The co-chaperone BAG3 is involved in the autophagic clearance of aggregation-prone proteins (aggrephagy), such as the Alzheimer’s-associated protein tau. Aggrephagy dysfunctions play a deleterious role in the development of neurodegenerative diseases. This collaborative project aims to unveil the molecular and functional principles that regulate BAG3- and HDAC6-mediated aggrephagy in neurodegeneration. 

   The Kaulich Group will characterize ATG/Ub3 ligase-dependencies in BAG3-mediated aggrephagy by CRISPR genomics. More specifically, this part of the project will identify ubiquitin-system dependencies of BAG3-mediated autophagy and aggrephagy, characterize direct and redundancy-mediated ATG8 effects on BAG3-mediated aggrephagy, and map the BAG3-dependent functional autophagy and aggrephagy-landscape.

   The Behl group will profile the aggresomal content under different paradigms such as BAG3 or HDAC6 deficiency to functionally characterize the target proteins. To characterize the precise BAG3 dependency of target proteins such as mutant tau or SOD in vitro as well as in vivo, this project part will profile autophagosomes from different neuronal cell models and from murine brain tissues for different disease-associated BAG3 variants. Together with the Kaulich group, we will dissect the mechanistic basis of BAG3-mediated aggrephagy in detail at the genomic and proteomic level.

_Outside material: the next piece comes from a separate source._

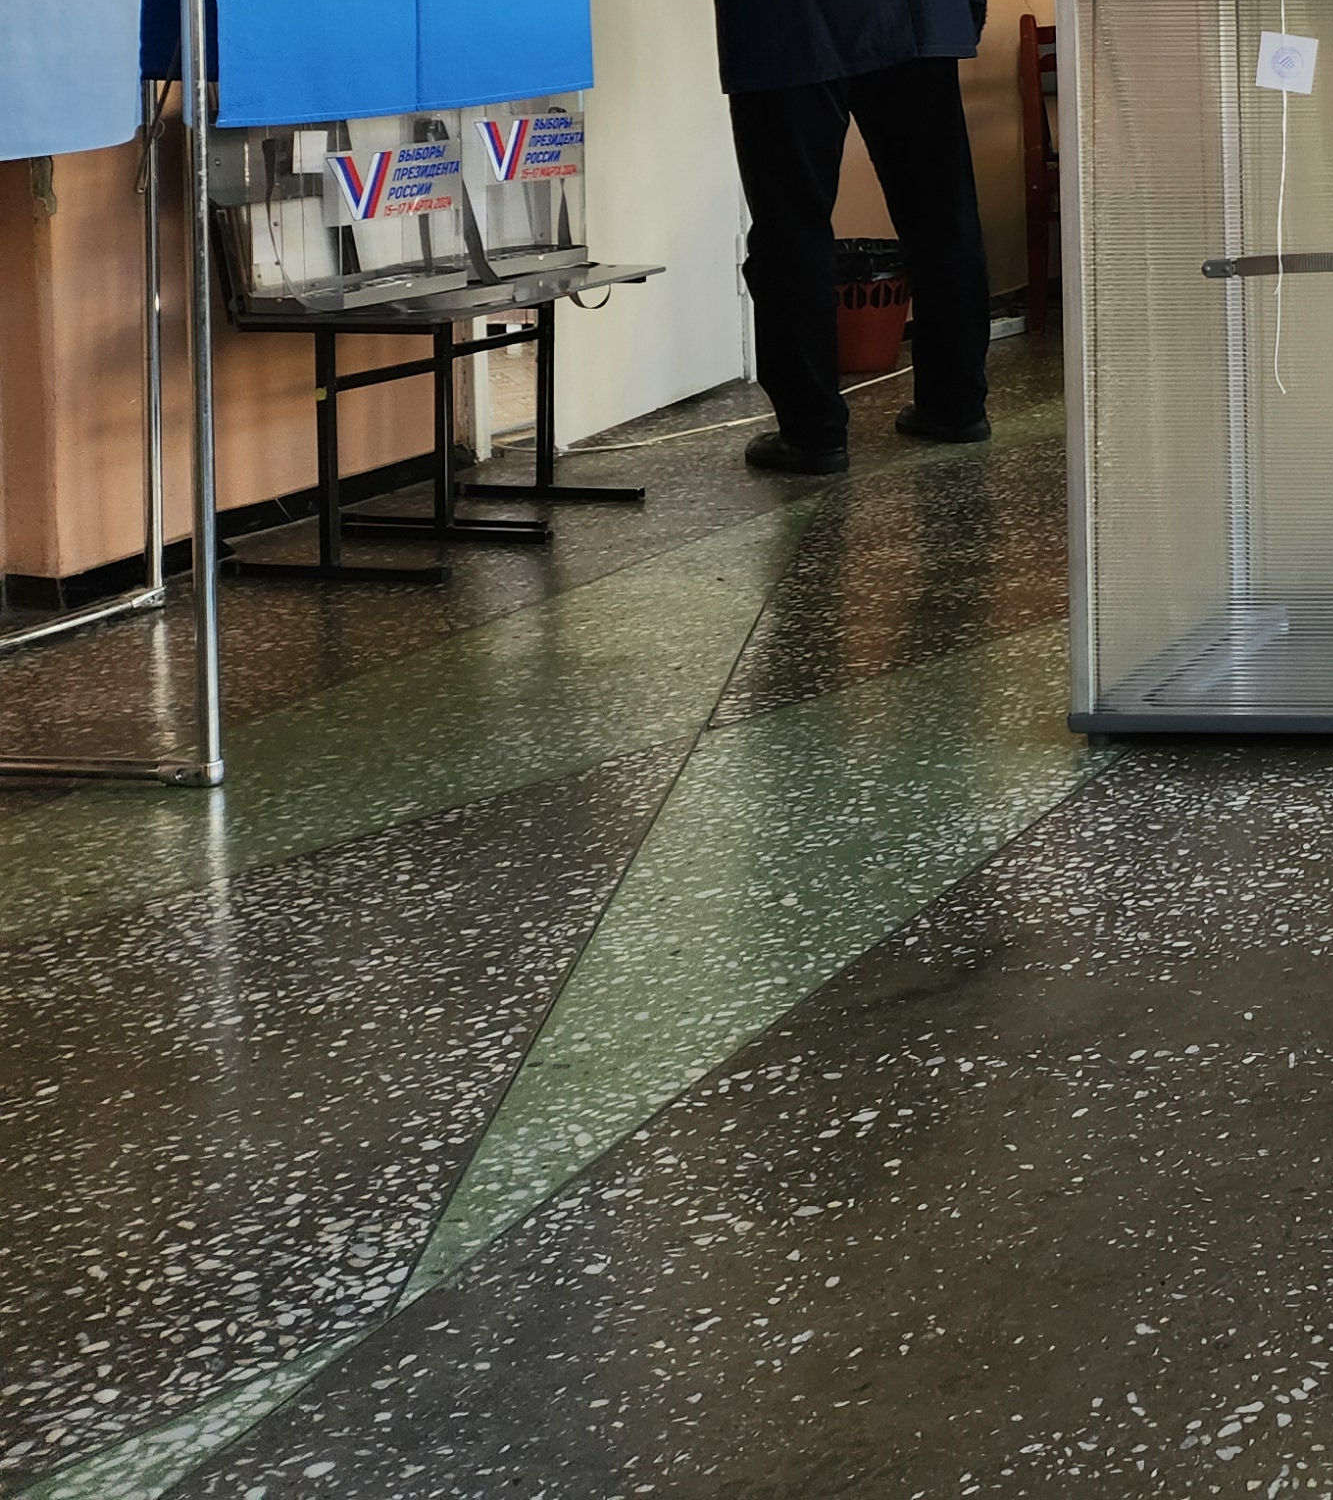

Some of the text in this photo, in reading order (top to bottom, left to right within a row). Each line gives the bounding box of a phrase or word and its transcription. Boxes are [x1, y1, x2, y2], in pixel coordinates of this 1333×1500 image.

  The Heilemann group will develop fluorescence imaging methods for long acquisition times with high temporal resolution to follow the structural dynamics in BAG3-mediated aggrephagy in living cells across time scales. Two strategies will be followed: (i) the employment of renewable fluorophore labels that facilitate bleaching-independent fluorescence microscopy, and (ii) the integration of neural networks for content restoration in low-intensity microscopy.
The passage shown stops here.